• Assigned task:
Quote every line below exactly and skip any picture.
Input Block Start
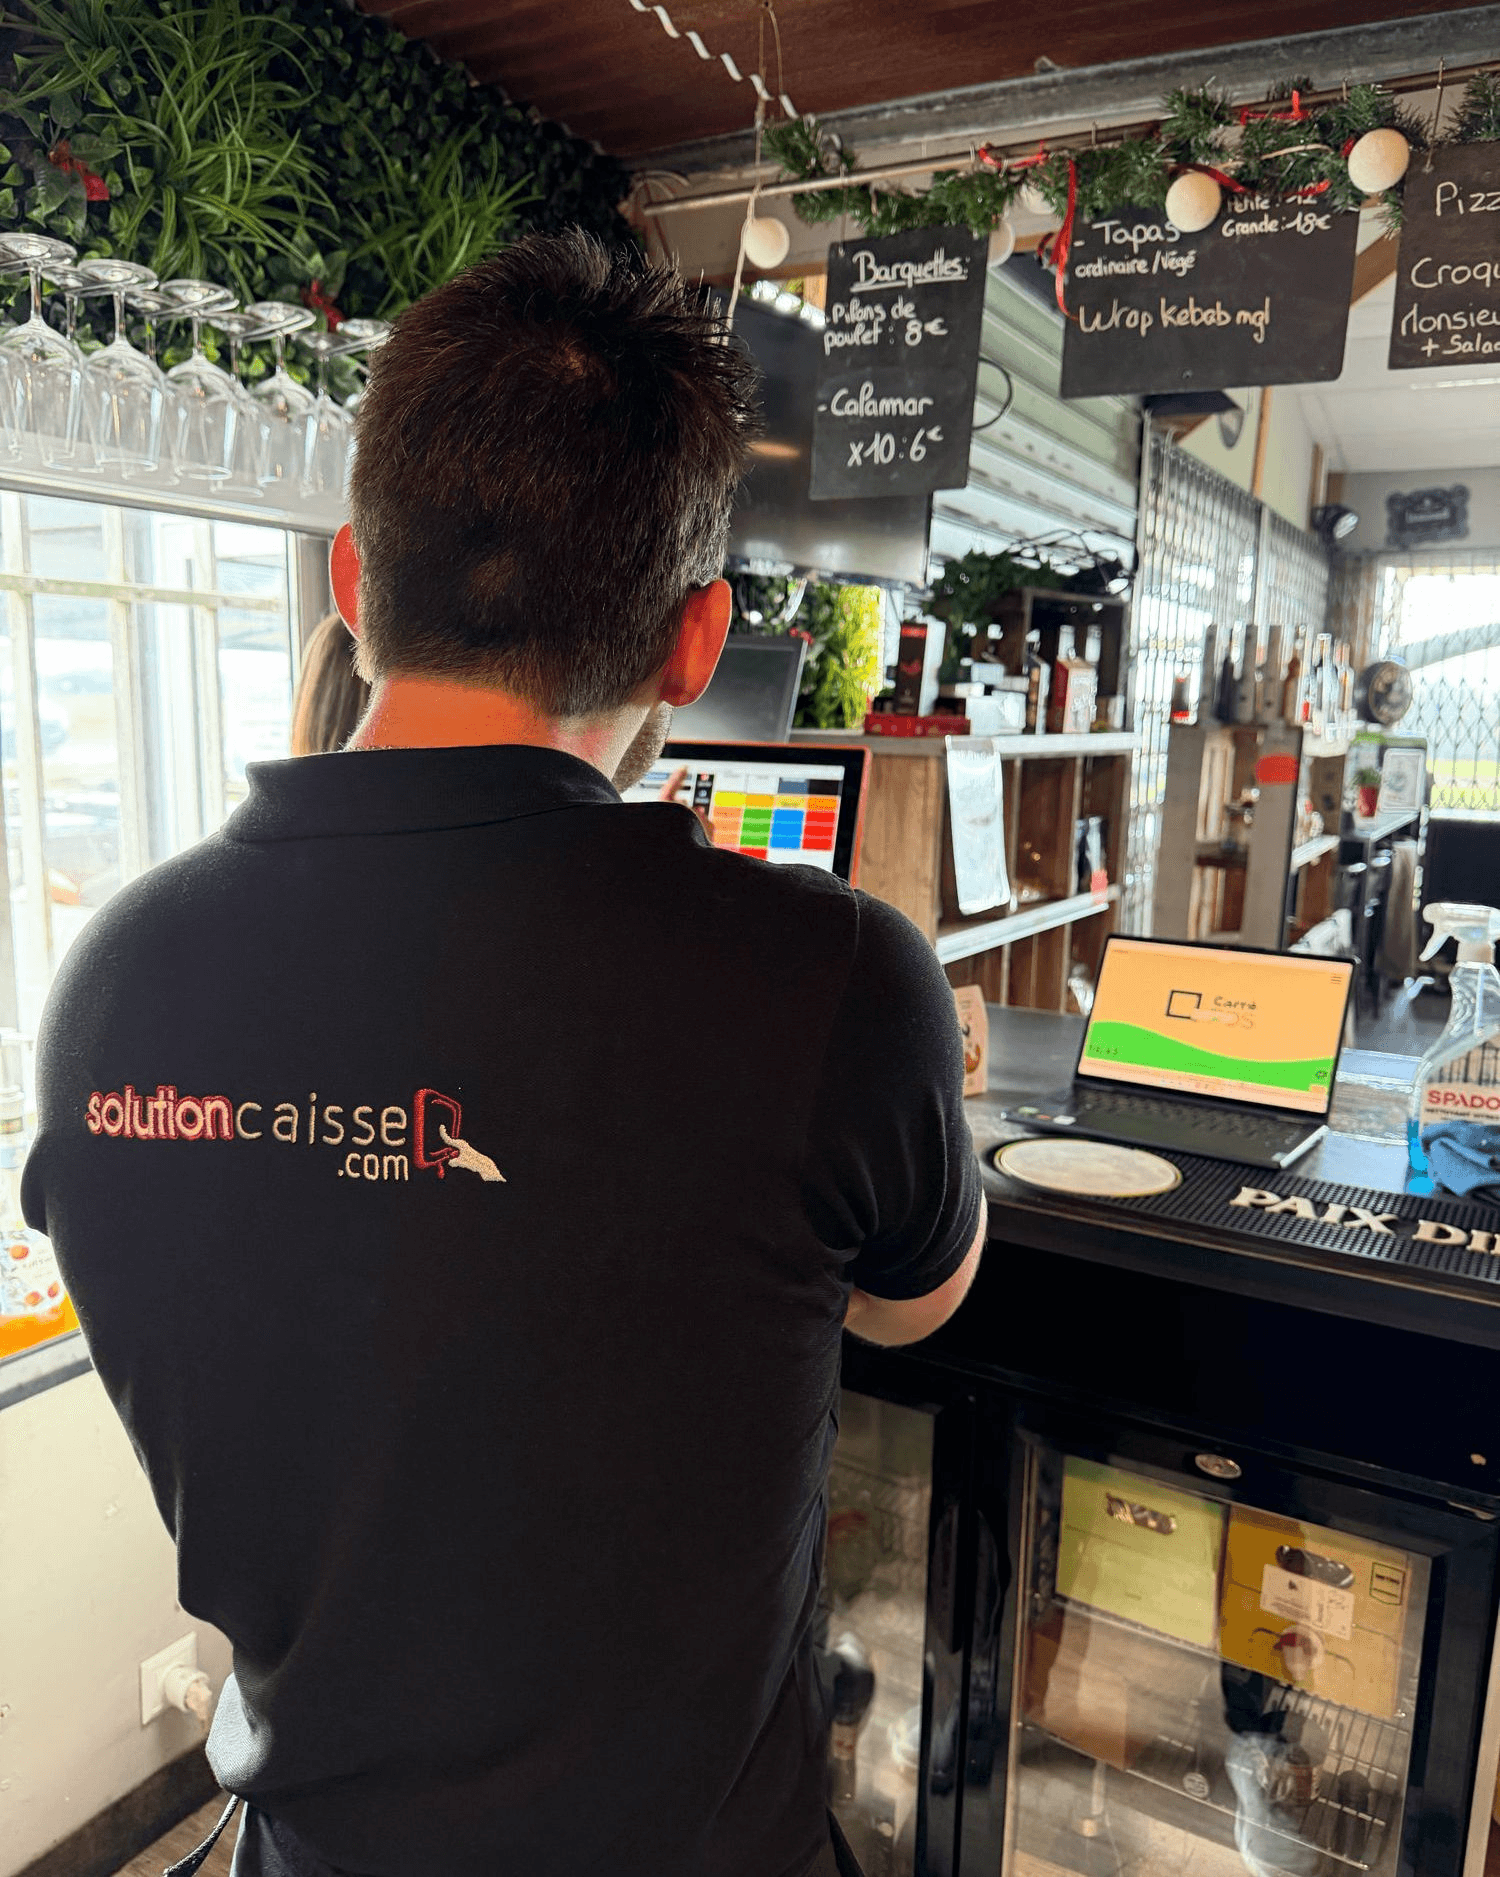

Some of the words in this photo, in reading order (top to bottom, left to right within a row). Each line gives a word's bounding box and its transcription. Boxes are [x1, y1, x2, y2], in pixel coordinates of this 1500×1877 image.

[1091, 220, 1180, 255] Tapas
[1074, 255, 1149, 278] ordinaire
[890, 295, 917, 319] de
[823, 324, 883, 356] poulet
[830, 381, 934, 418] Calamar
[336, 1151, 410, 1182] .com
[1229, 1186, 1398, 1237] PAIX
Input Block End
• Response to this task:
Some of the words in this photo, in reading order (top to bottom, left to right within a row). Each line gives a word's bounding box and its transcription. Boxes are [x1, y1, x2, y2], in pixel coordinates of this 1500×1877 image.

[1091, 220, 1180, 255] Tapas
[1074, 255, 1149, 278] ordinaire
[890, 295, 917, 319] de
[823, 324, 883, 356] poulet
[830, 381, 934, 418] Calamar
[336, 1151, 410, 1182] .com
[1229, 1186, 1398, 1237] PAIX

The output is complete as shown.